The bottom line is that the full analysis is that this solar system does cannot offer a lot of accommodation for human beings beyond earth.

There are four rocky planets. Earth is already occupied, Venus is a superheated hell completely and it is beyond even Clarke’s imagination that it could be made habitable. In the universe of ‘Rama’ a 100,000 humans can live on a the small most hospitable area of Mercury but really Mars is the best possibility.  Without Earth’s magnetic shield the Radiation the radiation is a killer, average surface temperatures on even in summer at the equator have a daily minimum of -70 degrees, there is no oxygen and at Mars atmospheric pressure water boils at only 10 degrees above freezing.

That leaves moons.  Arthur C Clark has people living on the larger moons from Earth’s moon all the way out to Triton (a moon of Neptune).
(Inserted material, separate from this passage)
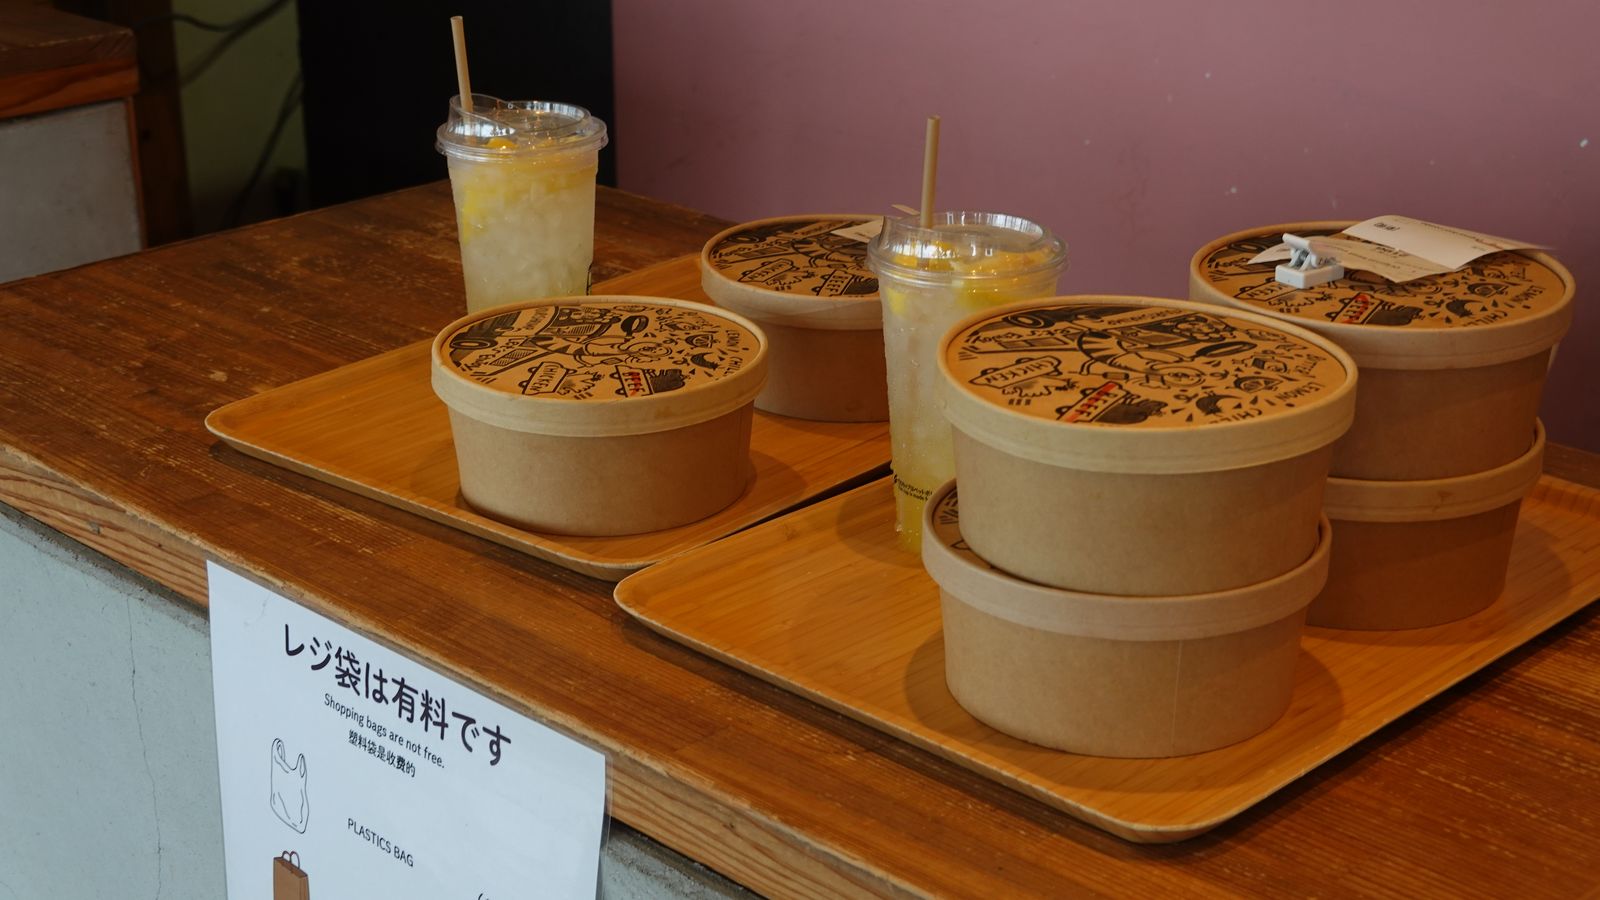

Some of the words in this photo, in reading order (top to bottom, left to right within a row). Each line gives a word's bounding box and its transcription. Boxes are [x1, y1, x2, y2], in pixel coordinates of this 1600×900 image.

Still, even in the wildest dreams of science fiction,  all these colonies combined have a population insignificant compared to Earth.

During the 2oth century, the population of Earth more than tripled.  There is simple nothing even close to the equivalent of even one more Earth of space in this solar system in our wildest dreams.  The scope to repeat the 20th century is a far greater challenge.

The lesson here is that to find real room for expansion, humans will either have to construct their own planets, or live inside planets/moons,  or that ultimate dream, travel to planets around other stars.  All of these bring many complex questions, but the clear fact is that finding significantly more real room for expansion in term of where we can live, is very far in the future.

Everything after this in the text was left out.